Issue with Consistent Use of Predefined Nomenclature in JSON Responses by OpenAI Assistant

I am encountering a significant challenge with an OpenAI Assistant that I have developed to identify and map categories of requests based on a predefined manual (JSON file). The assistant is supposed to utilize this JSON document as a reference to map the identified requests to the standardized nomenclatures. Here is a detailed description of the problem and the approach taken so far:

Problem Description

The assistant is designed to read documents, identify the categories of requests made, and map them to the exact nomenclatures predefined in a JSON file. The JSON file (categories.json) includes two key fields for each category:

  1. Category Name (“CategoryName”): This field contains the exact nomenclature that should be used in the responses.
  2. Examples/Instructions (“ExamplesInstructions”): This field provides context and examples for when the category is applicable.

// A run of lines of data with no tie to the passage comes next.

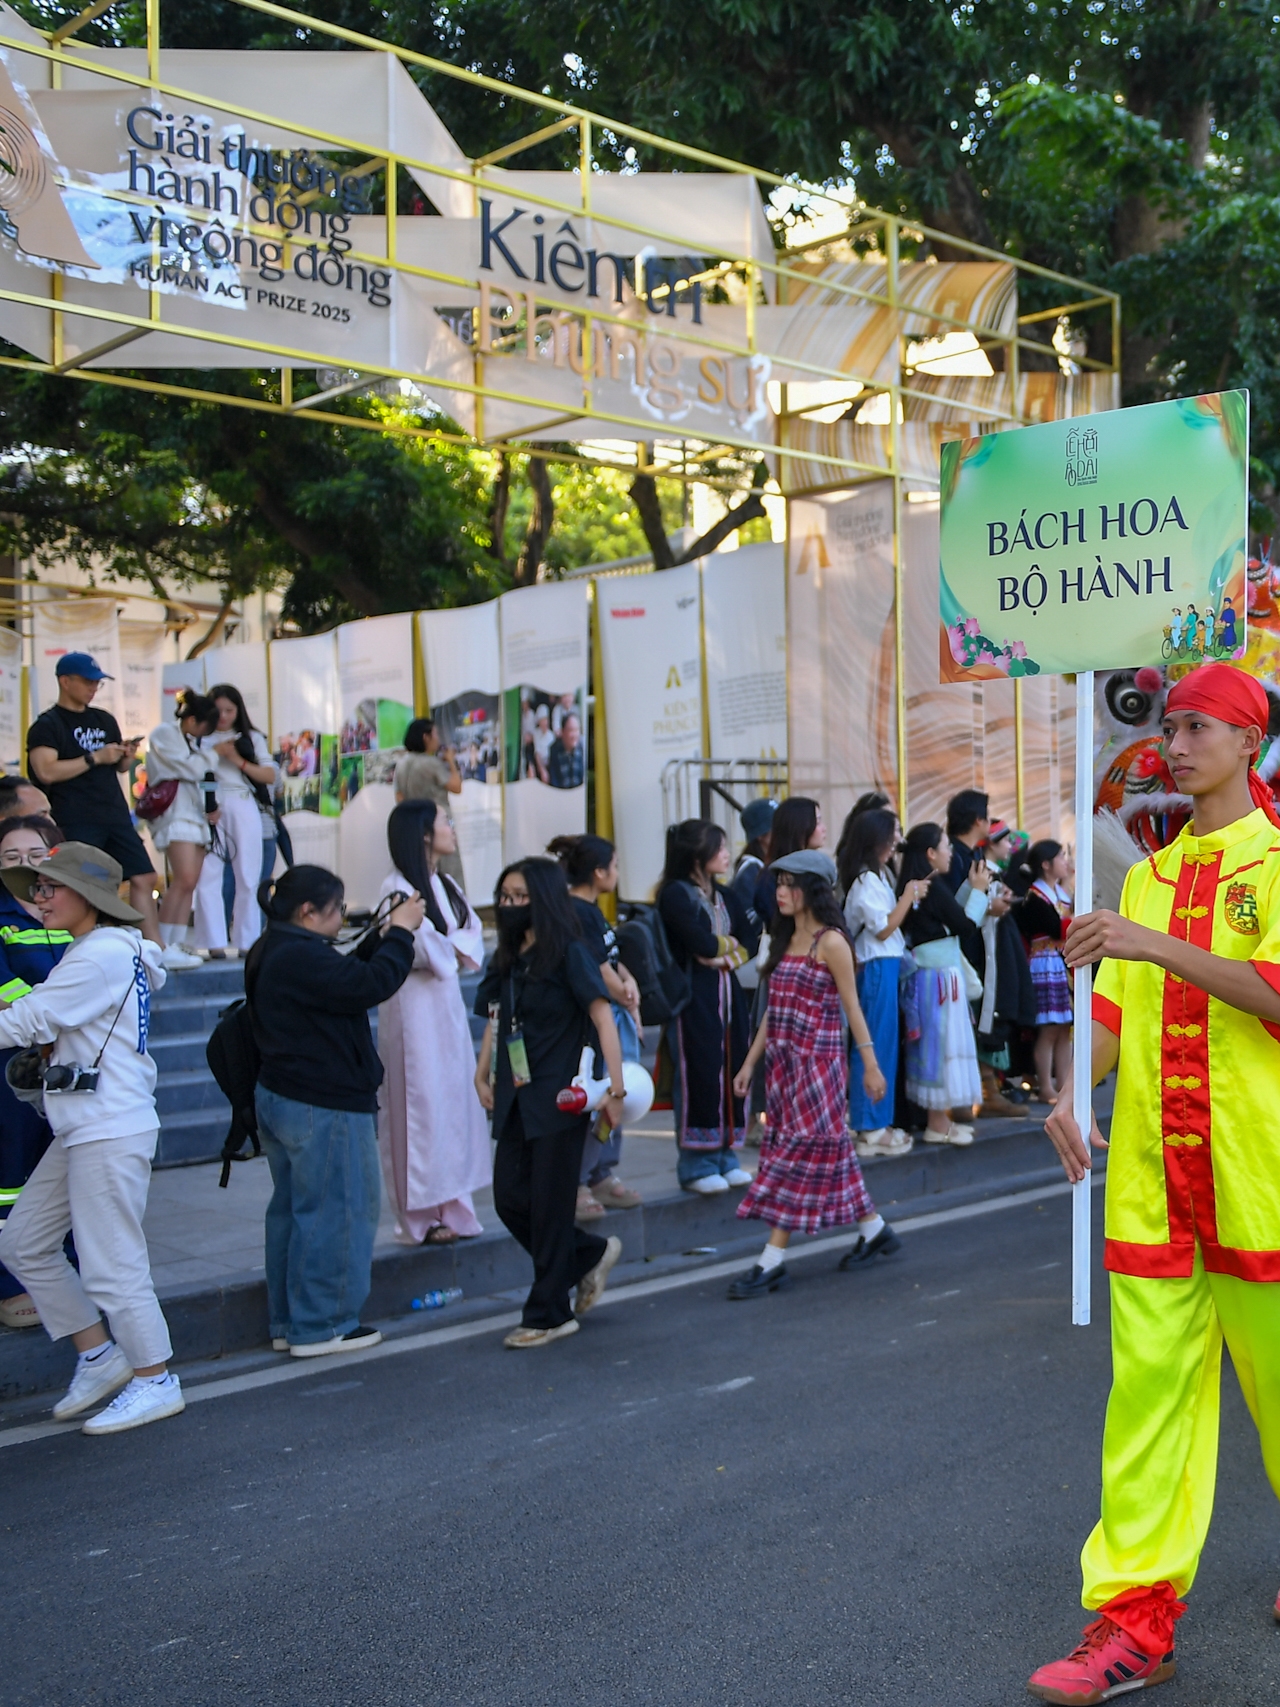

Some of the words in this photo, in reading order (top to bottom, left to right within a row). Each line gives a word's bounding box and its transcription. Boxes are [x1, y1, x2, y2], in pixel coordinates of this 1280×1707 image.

[127, 106, 211, 163] Giải
[219, 133, 368, 214] thưởng
[128, 149, 239, 216] hành
[250, 186, 352, 253] động
[129, 205, 168, 248] vì
[178, 218, 285, 282] cộng
[293, 243, 392, 308] đồng
[130, 262, 209, 293] HUMAN
[214, 281, 252, 301] ACT
[257, 289, 307, 314] PRIZE
[311, 302, 351, 323] 2025
[479, 197, 624, 305] Kiên
[478, 280, 684, 410] Phụng
[987, 508, 1088, 557] BÁCH
[1098, 495, 1189, 541] HOA
[997, 564, 1048, 616] BỘ
[1059, 556, 1174, 604] HÀNH
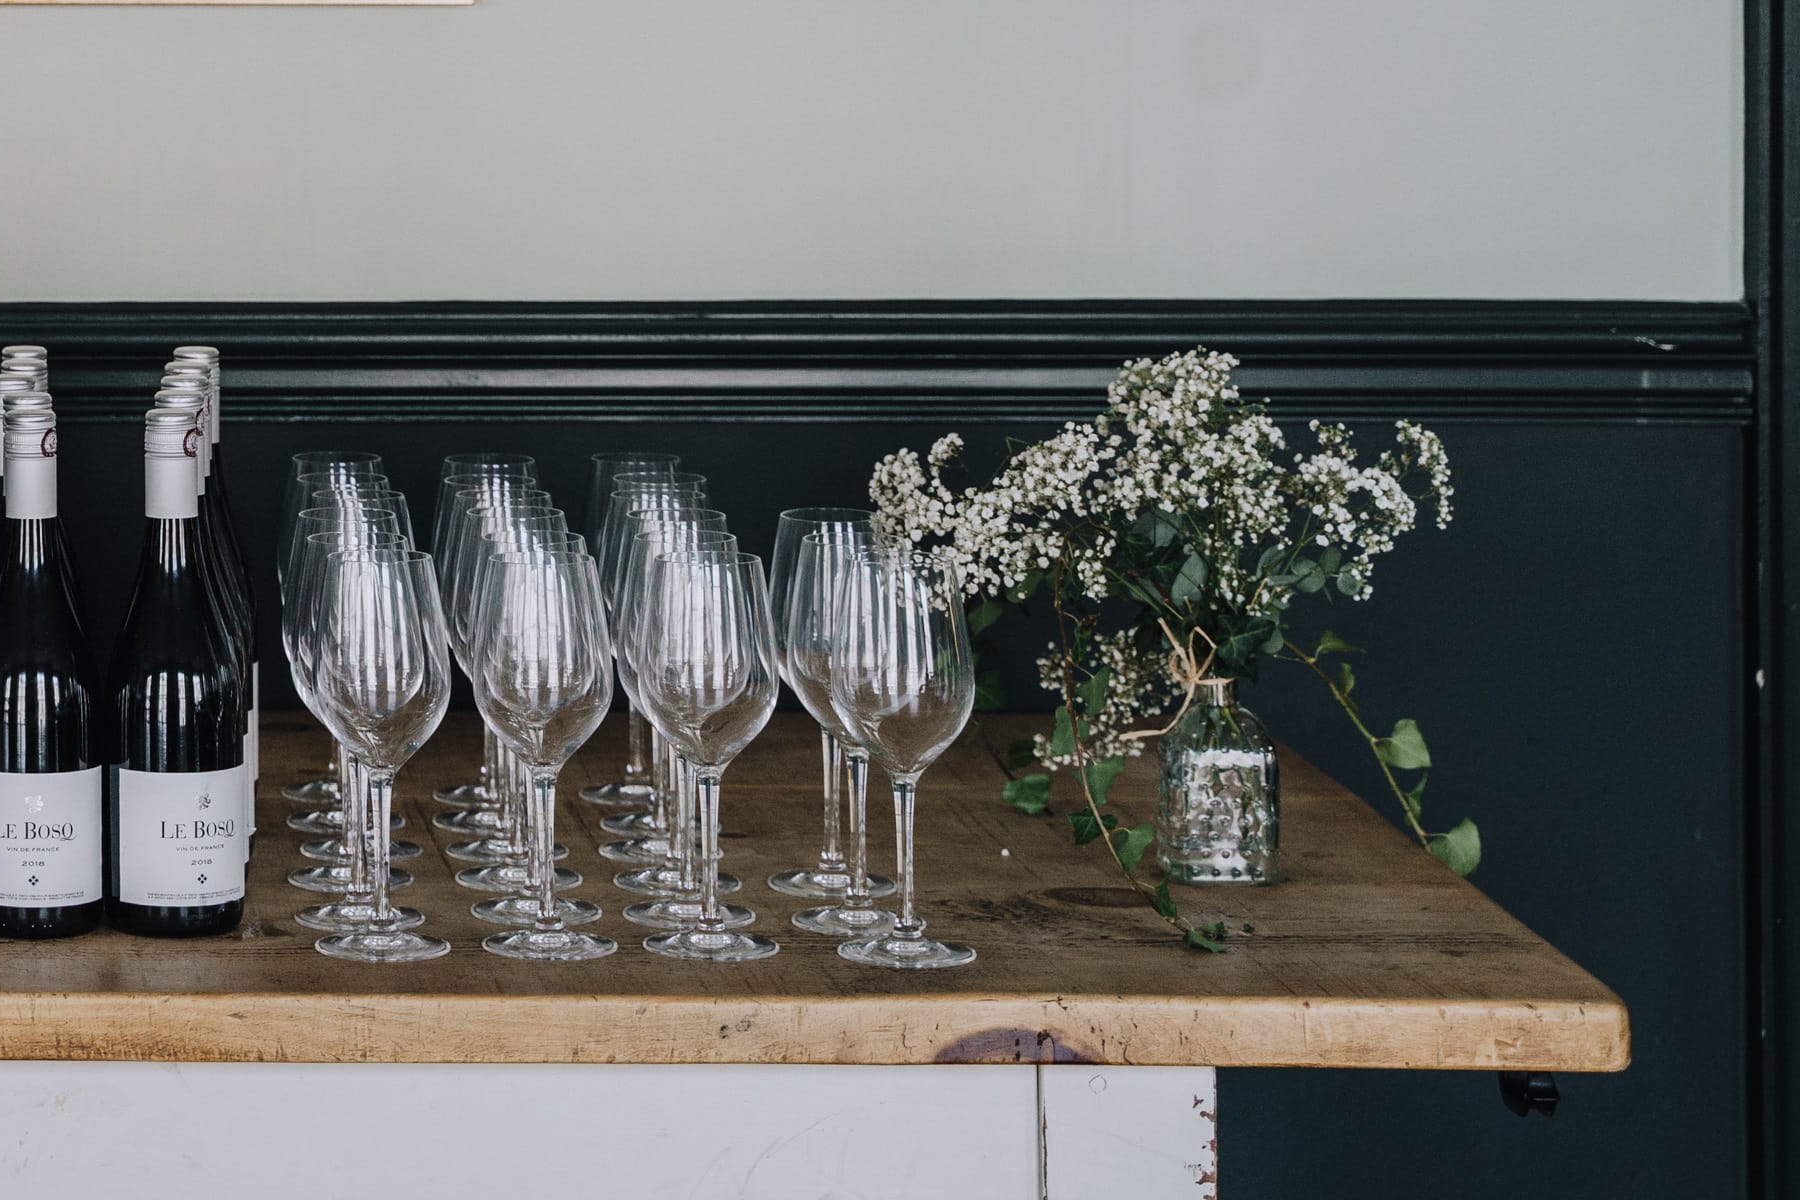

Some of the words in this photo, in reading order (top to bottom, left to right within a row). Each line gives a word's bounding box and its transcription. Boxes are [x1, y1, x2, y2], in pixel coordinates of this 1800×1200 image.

Despite clearly instructing the assistant to use only the nomenclature from the “CategoryName” field, it sometimes uses terms or phrases from the “ExamplesInstructions” field in its responses. This inconsistency leads to the use of incorrect or unrecognized nomenclature, which is not accepted by our system.

Approach Taken

Instructions Provided to the Assistant

The assistant was given the following detailed instructions to ensure the correct mapping:

  1. Analyze the document details thoroughly and identify all the requests made.
  2. Compare each identified request with the entries in the provided JSON file.
  3. Use only the exact nomenclature from the “CategoryName” field for mapping.
  4. Avoid using any terms or phrases from the “ExamplesInstructions” field in the final JSON response.
  5. Ensure no duplicate or overlapping requests are included.
  6. Prefer double requests over single ones if specified.
  7. Format the values correctly, without punctuation for thousands and using two decimal places for cents.

Script Used

Here is the Python script used to map the requests:

import json

# Load the JSON file containing the categories
def load_categories(file_path):
    with open(file_path, 'r') as file:
        return json.load(file)

# Function to check correspondence
def check_correspondence(request, category):
    return category['CategoryName'].lower() in request['description'].lower()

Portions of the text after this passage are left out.